Они пошли вместе к дому ее матери. Внезапно он обнял ее за талию. Она осторожно отвела его руку, но он снова обнял ее, и она уступила.
– Вот видишь, дорогая Софи, ты и сама не знаешь, где будешь жить. Может, тебе скоро захочется иметь свое гнездо. Так ты знай: я всё устрою. Только я еще не совсем готов.
– Ах, Сэм, что за спешка? Да я вовсе и не говорила, что ты мне по сердцу. Это у тебя только и заботы, что бегать за мной.

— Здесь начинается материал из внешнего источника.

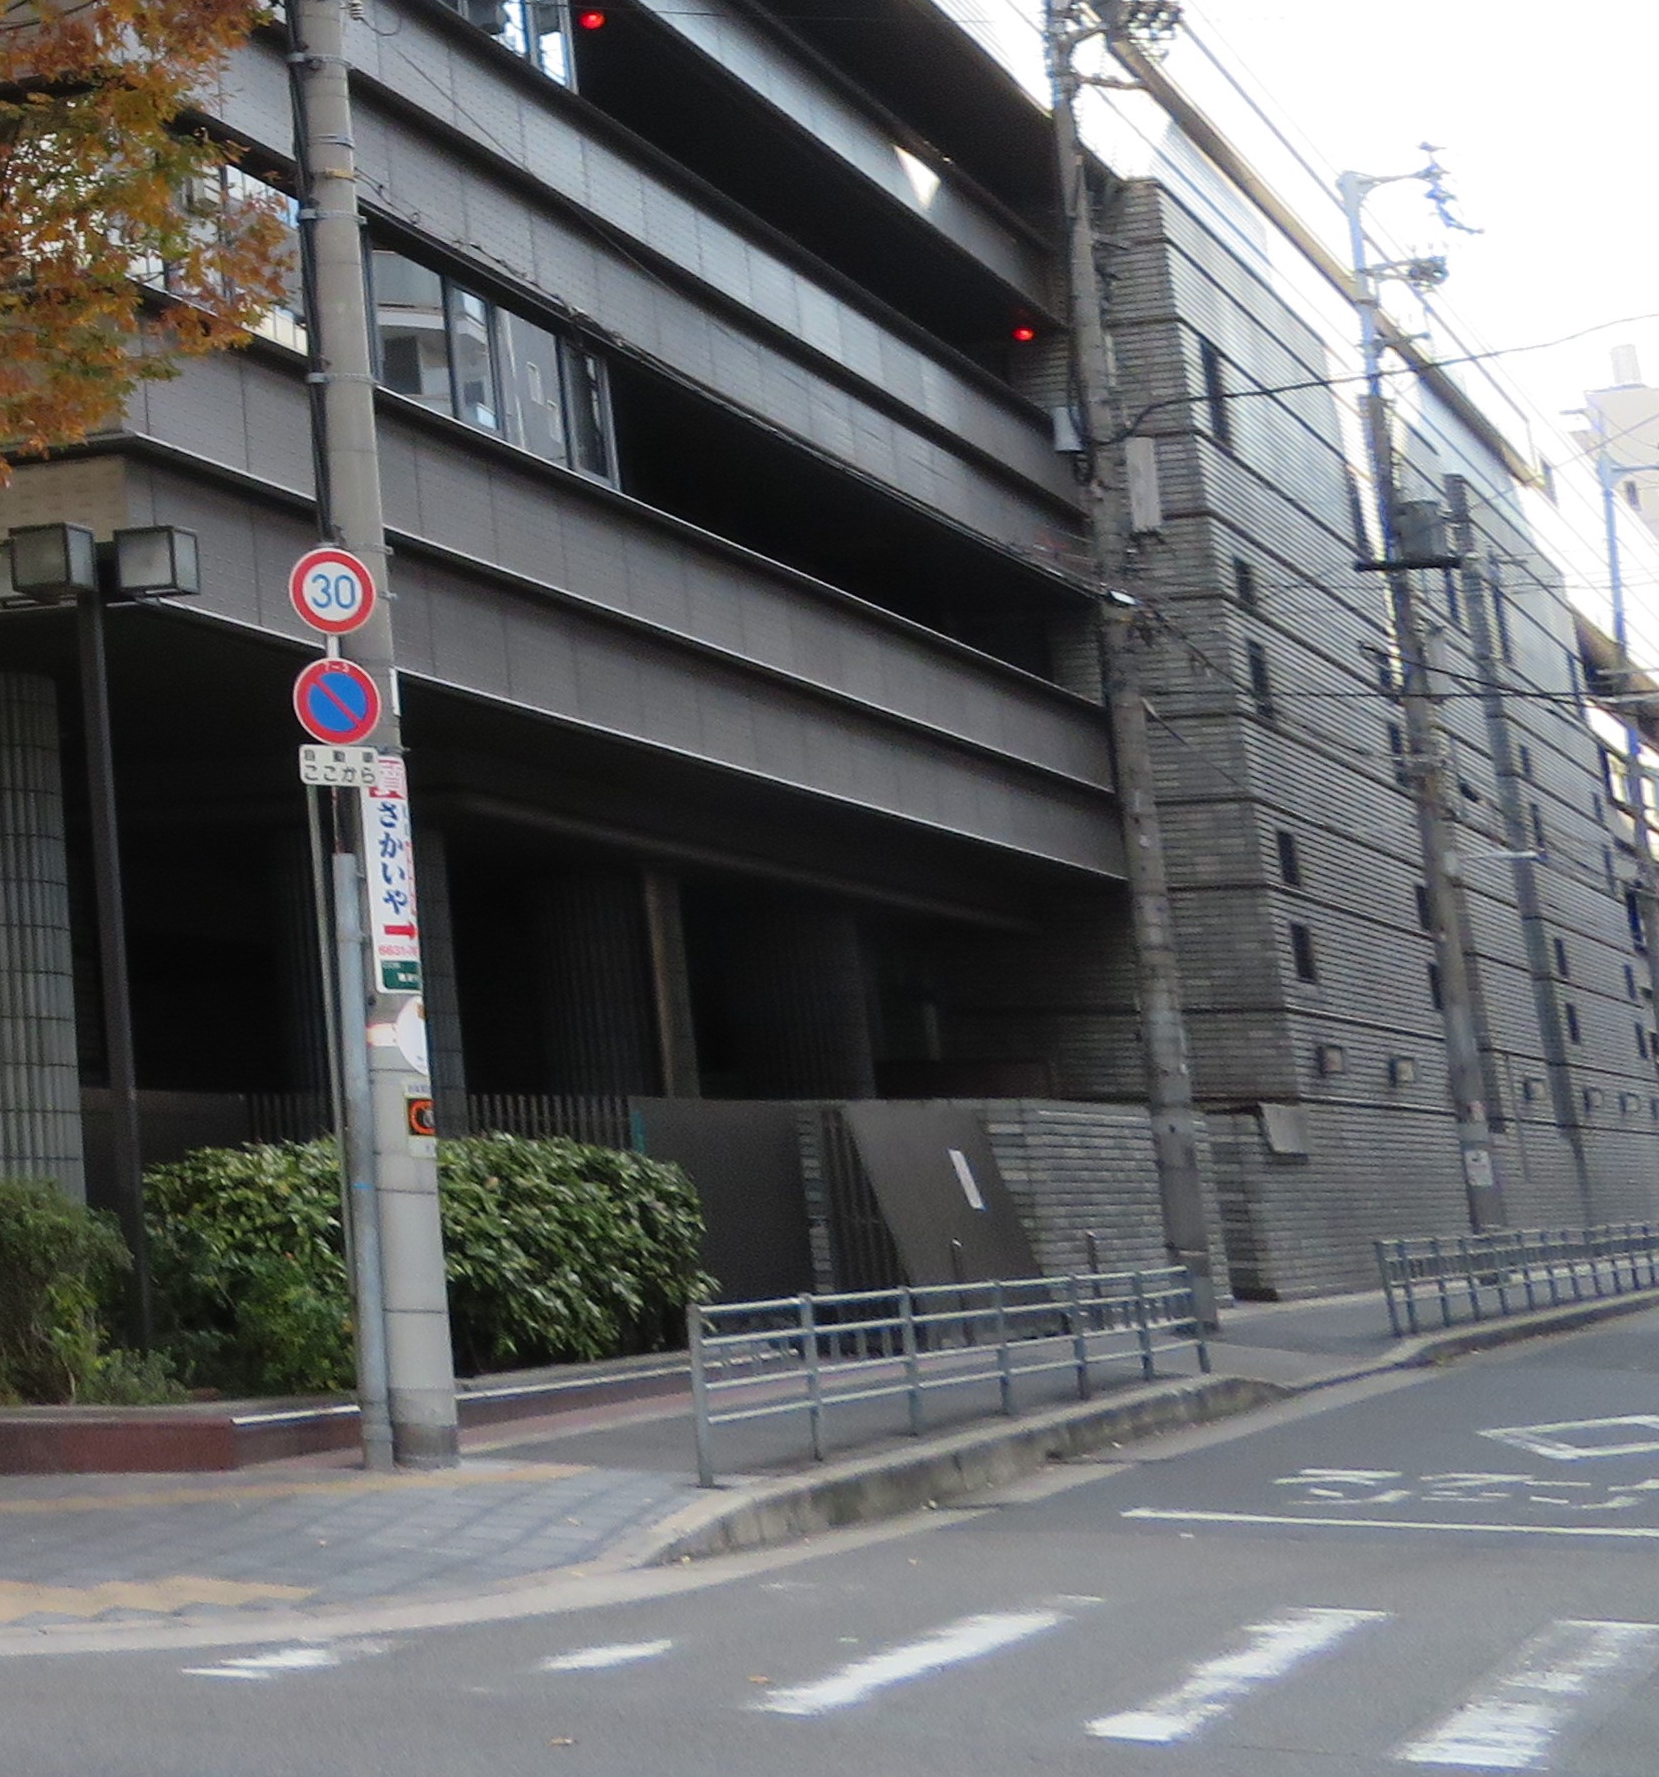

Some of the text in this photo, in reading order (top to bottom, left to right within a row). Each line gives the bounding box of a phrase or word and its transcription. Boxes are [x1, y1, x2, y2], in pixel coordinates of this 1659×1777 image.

– Вот еще, чепуха какая! Что ж я хуже других? И поухаживать за тобой нельзя? – Они подошли к дому, и молодой человек наклонился, чтобы поцеловать ее на прощанье.
– Нет, Сэм, не нужно! – воскликнула она, закрывая ему рот ладонью. – В такую ночь ты мог бы вести себя поскромнее. – И она простилась с ним, не позволив ни поцеловать себя, ни войти в дом.
Овдовевшему в этот день викарию было лет сорок; он происходил из хорошей семьи, был бездетен и жил в этом приходе очень одиноко, – быть может, потому, что здешние землевладельцы не жили в своих поместьях; потеря жены заставила его еще больше замкнуться в себе. Он стал всё больше уединяться и всё больше отставал от темпа и ритма жизни, то есть от всего, что принято называть прогрессом. В течение нескольких месяцев после кончины жены заведенный в доме порядок не менялся: кухарка, судомойка, горничная и дворник делали свое дело, а иногда и не делали, в зависимости от характера каждого из них; викарию было всё равно. Когда кто-то заметил ему, что стольким слугам, по-видимому, нечего делать в доме одинокого человека, онсогласился и решил сократить штат прислуги. Но Софи, горничная, опередила его и однажды вечером сказала, что хотела бы уйти.
– А почему? – спросил пастор.
– Сэм Гобсон предложил мне выйти за него, сэр.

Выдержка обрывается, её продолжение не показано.